Open Grid Forum: Data Format Description Language Working Group

OGF DFDL Working Group Call, April-08-2009

Attendees

Suman Kalia (IBM)
Steve Hanson (IBM)
Mike Beckerle (Oco)

Apologies
Alan Powell (IBM)
Dave Glick (drac)


1. Escape Schemes
Alan has mailed latest refinement
Overall
Agreed with the scope of the escape scheme support, ie, support three well-known variants, and not provide overly complex open ended support
Annotation structure.
Why dfdl:defineEscapeScheme and dfdl:escapeScheme, instead of just dfdl:escapeScheme and an optional name attribute?   For consistency with dfdl:defineFormat, dfdl:defineNumberFormat, etc, and it makes it clear that the top level scope of the naming is a peer to dfdl:defineFormat not inside them.
Annotation properties.
These need a careful review to make sure that they behave in the expected manner.
For example, should escape start/end bracketing be at the start/end of the field, or anywhere in the field?
Action raised to review in detail for next call.

2. Validation ranges
Need to decide whether to allow restricted use of xs:union to model this.
Agreed that this should be supported. For such a union:
- The member types must all be derived from the same schema simple type
- Any DFDL annotations on member types are a schema definition error
Will be added to draft 0.34.

3. Specialized annotations
Need to decide whether to drop specialized annotations altogether, or use the scheme below, which does not affect scoping in any way but which makes it clear what is allowed where.
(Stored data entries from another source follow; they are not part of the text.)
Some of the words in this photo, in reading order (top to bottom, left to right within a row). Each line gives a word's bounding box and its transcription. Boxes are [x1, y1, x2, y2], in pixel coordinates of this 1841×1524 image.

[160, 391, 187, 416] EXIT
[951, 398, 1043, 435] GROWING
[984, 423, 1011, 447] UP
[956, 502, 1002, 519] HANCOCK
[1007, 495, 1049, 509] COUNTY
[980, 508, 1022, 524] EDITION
        Specialized annotations on xsd objects only, dfdl:format on scoping constructs only
                dfdl;defineFormat  =>  dfdl:format
               xs:complexType => dfdl:format

               xs:sequence => dfdl:sequence

               xs:choice => dfdl:choice

                xs:group ref => dfdl:group
               xs:element or xs:element ref => dfdl:element

               xs:any => dfdl:any

               xs:simpleType => dfdl:simpleType

        dfdl:format is exactly as specified in draft 0.33, its properties apply to all relevant objects
Scoping rules as specified in draft 0.33

Agreed that this scheme provided the best balance between simplicity and validation capability.
Will be added to draft 0.34.

4. Exclusion lists.
XML Schema only allows inclusion list of enumerations, does DFDL need to support exclusion list of enumerations?  It would be nice if it did, but if we provided a DFDL property that said 'treat enums as exclusion instead of inclusion', removal of the DFDL annotations would change the validation semantic. Agreed that exclusion provision is something that DFDL would inherit from XML Schema, when and if it gets added there.
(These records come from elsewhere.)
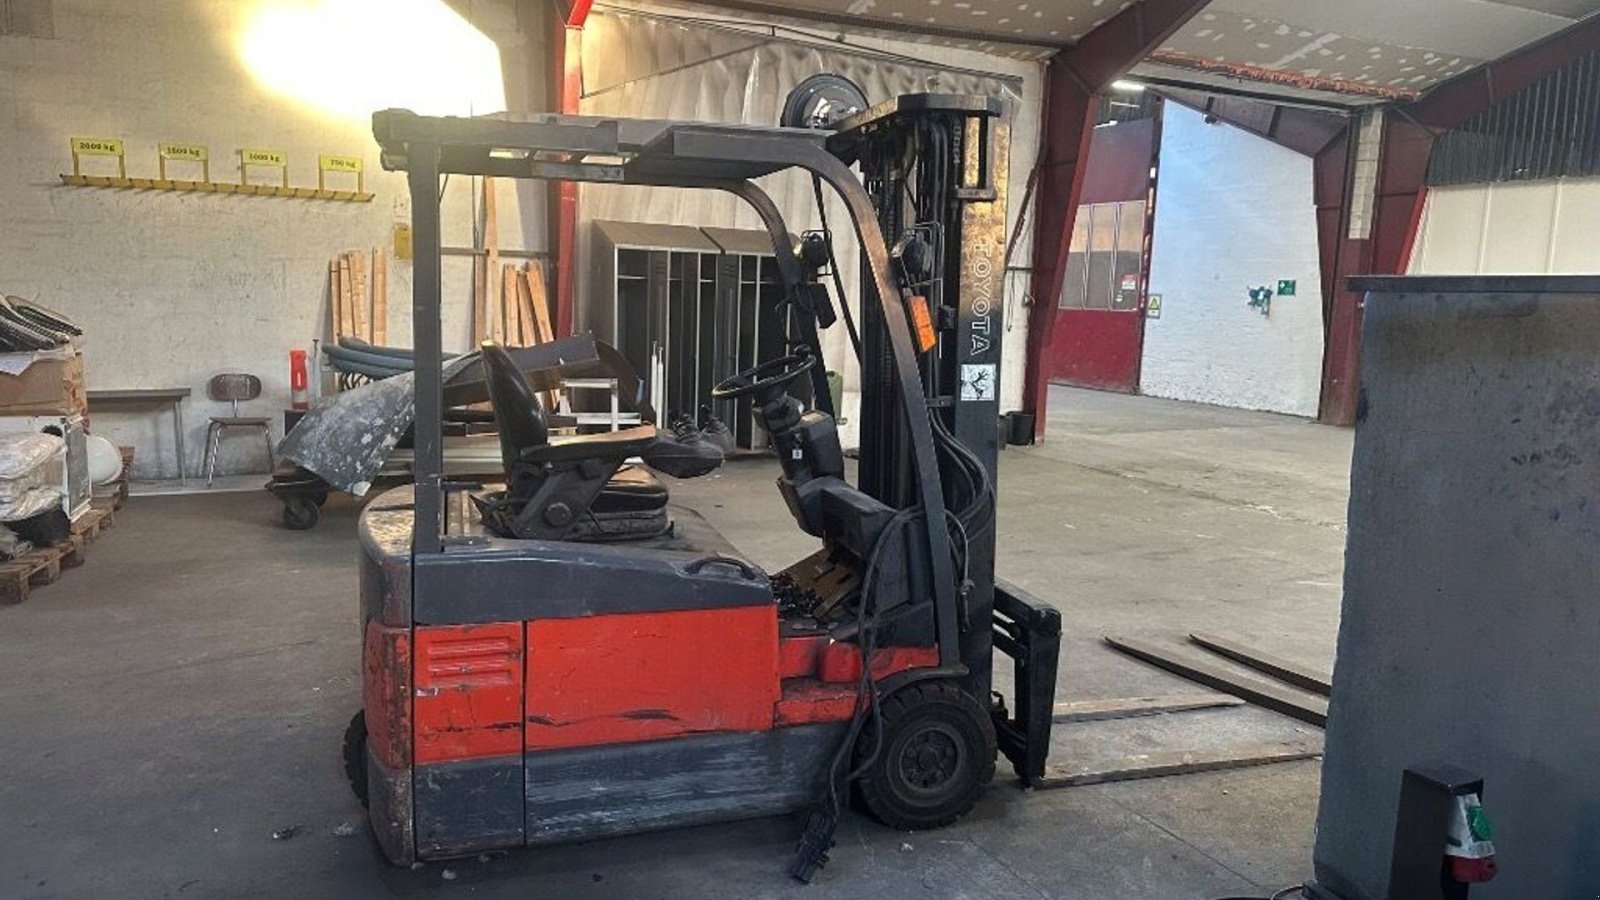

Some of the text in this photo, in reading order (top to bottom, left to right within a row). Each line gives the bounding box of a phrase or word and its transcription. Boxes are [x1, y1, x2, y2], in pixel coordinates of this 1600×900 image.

[103, 143, 116, 152] kg
[189, 148, 200, 157] kg
[270, 154, 280, 163] kg
[971, 243, 992, 356] TOYOTA
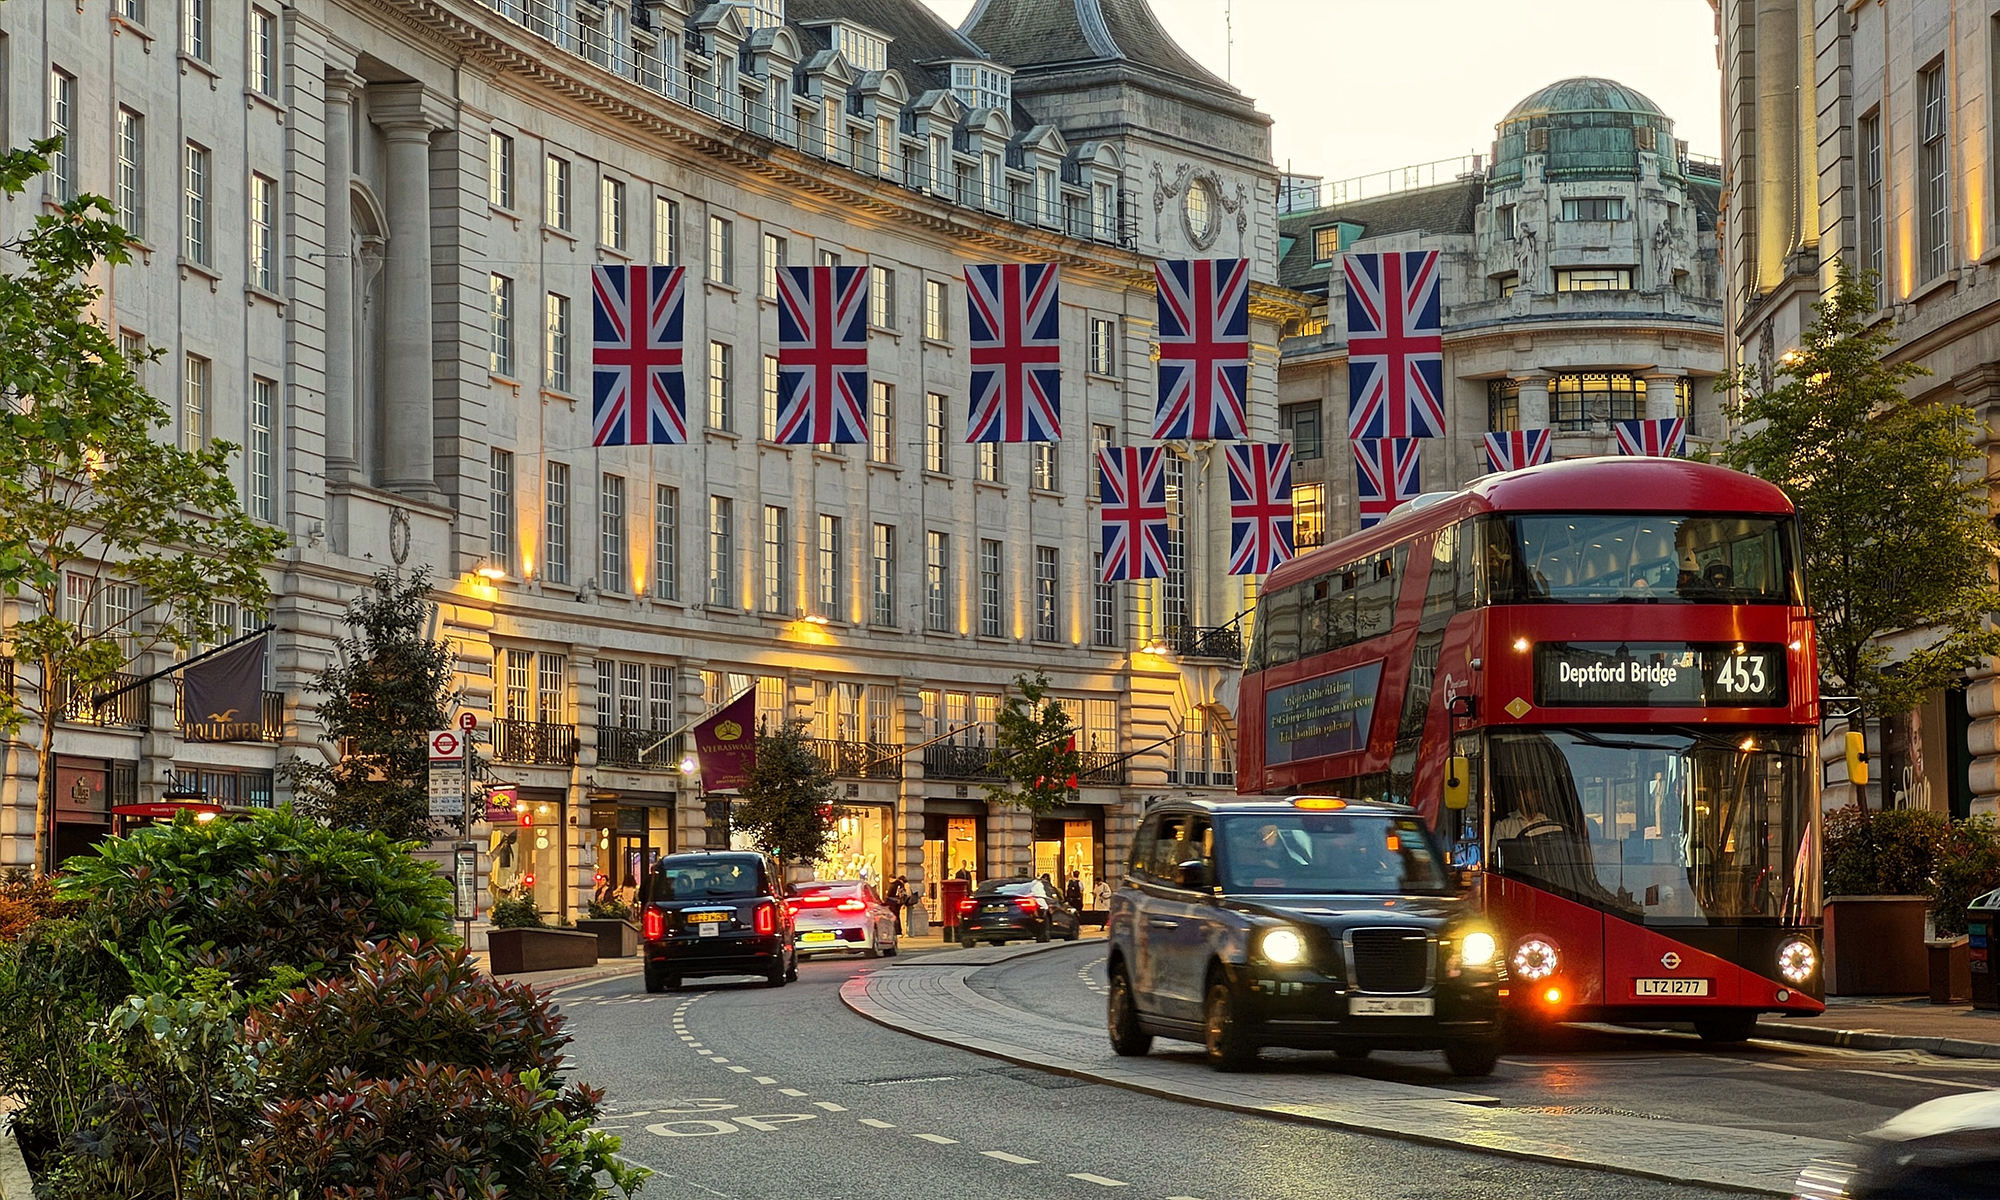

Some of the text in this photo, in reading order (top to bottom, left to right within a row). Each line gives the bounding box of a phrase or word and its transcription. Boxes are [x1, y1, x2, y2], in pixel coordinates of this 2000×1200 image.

[1560, 661, 1677, 688] Deptford Bridge
[1716, 656, 1765, 693] 453
[185, 722, 260, 740] HOLLISTER
[463, 714, 472, 728] E
5. Consuming extraneous data that occurs at the end of the stream
This is where the DFDL model matches input data ok, except that there is some extra data in the stream. This can be explicitly modelled, using a hidden optional element. Agreed that whether such a hidden optional element is needed, or whether the data is simply ignored, is up to individual DFDL implementations. The spec will not take a position.

6.
'Floating' definitions
A known element, the position of which can be anywhere in a sequence of other elements - is this something DFDL needs to support?  Capability is offered by IBM's WTX product.  Can be used for comments, but DFDL plans to handle comments post 1.0 using an explicit mechanism or using layering. Real purpose of floating component is for older EDI formats where there is a segment that can appear anywhere, and can appear any number of times. Action raised for IBM to provide a concrete example for discussion. The issue for DFDL is how does a floating component appear in the DFDL infoset, and how does it validate in the sequence. One possibility is a property dfdl:floating=yes/no and if an element has that property set, it can be expected anywhere when parsing, but appears in the correct point in the sequence in the parsed infoset, On unparsing it must appear in in the correct point in the sequence, and is output in that place.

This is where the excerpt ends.